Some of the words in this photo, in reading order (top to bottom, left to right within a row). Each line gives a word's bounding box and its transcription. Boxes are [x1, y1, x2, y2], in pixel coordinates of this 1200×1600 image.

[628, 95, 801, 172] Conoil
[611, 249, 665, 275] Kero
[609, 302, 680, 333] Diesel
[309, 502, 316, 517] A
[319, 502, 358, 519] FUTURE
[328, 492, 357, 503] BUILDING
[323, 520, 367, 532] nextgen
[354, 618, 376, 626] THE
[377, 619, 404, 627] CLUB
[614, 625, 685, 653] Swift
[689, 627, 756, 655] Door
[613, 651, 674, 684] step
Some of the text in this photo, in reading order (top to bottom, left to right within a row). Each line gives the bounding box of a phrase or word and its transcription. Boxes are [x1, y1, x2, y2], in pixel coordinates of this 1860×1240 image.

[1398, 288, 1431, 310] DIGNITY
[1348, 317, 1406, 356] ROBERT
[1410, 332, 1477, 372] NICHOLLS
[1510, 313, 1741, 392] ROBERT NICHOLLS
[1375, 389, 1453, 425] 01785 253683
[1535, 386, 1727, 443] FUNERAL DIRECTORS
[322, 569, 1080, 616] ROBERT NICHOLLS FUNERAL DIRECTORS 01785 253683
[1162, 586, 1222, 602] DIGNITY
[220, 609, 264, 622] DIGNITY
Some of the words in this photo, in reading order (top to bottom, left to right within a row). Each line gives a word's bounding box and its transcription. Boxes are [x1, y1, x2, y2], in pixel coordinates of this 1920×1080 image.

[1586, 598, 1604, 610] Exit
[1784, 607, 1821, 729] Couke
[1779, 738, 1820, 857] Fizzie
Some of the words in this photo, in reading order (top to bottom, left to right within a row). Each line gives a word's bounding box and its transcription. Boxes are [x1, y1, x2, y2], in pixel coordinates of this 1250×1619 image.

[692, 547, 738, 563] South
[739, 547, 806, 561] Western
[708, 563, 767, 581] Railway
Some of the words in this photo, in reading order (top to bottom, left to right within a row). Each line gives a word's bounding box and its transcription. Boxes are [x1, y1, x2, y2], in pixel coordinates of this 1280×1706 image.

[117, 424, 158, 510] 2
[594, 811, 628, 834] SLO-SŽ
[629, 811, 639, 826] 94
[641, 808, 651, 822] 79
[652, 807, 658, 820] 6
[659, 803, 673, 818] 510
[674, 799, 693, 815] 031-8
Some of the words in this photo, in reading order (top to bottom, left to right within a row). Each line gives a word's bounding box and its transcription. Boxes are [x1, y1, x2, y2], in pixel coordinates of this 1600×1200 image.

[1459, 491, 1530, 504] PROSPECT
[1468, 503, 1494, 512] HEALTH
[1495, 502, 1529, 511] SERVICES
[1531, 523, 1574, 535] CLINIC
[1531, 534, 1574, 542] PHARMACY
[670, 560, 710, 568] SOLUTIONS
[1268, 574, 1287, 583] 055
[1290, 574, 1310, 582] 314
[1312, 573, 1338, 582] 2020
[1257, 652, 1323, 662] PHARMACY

********

An exact repeat of the lines from the one containing "this 1280×1706 image." through the final line of the entries is the whole answer.

Some of the words in this photo, in reading order (top to bottom, left to right within a row). Each line gives a word's bounding box and its transcription. Boxes are [x1, y1, x2, y2], in pixel coordinates of this 1280×1706 image.

[117, 424, 158, 510] 2
[594, 811, 628, 834] SLO-SŽ
[629, 811, 639, 826] 94
[641, 808, 651, 822] 79
[652, 807, 658, 820] 6
[659, 803, 673, 818] 510
[674, 799, 693, 815] 031-8
Some of the words in this photo, in reading order (top to bottom, left to right within a row). Each line gives a word's bounding box and its transcription. Boxes are [x1, y1, x2, y2], in pixel coordinates of this 1600×1200 image.

[1459, 491, 1530, 504] PROSPECT
[1468, 503, 1494, 512] HEALTH
[1495, 502, 1529, 511] SERVICES
[1531, 523, 1574, 535] CLINIC
[1531, 534, 1574, 542] PHARMACY
[670, 560, 710, 568] SOLUTIONS
[1268, 574, 1287, 583] 055
[1290, 574, 1310, 582] 314
[1312, 573, 1338, 582] 2020
[1257, 652, 1323, 662] PHARMACY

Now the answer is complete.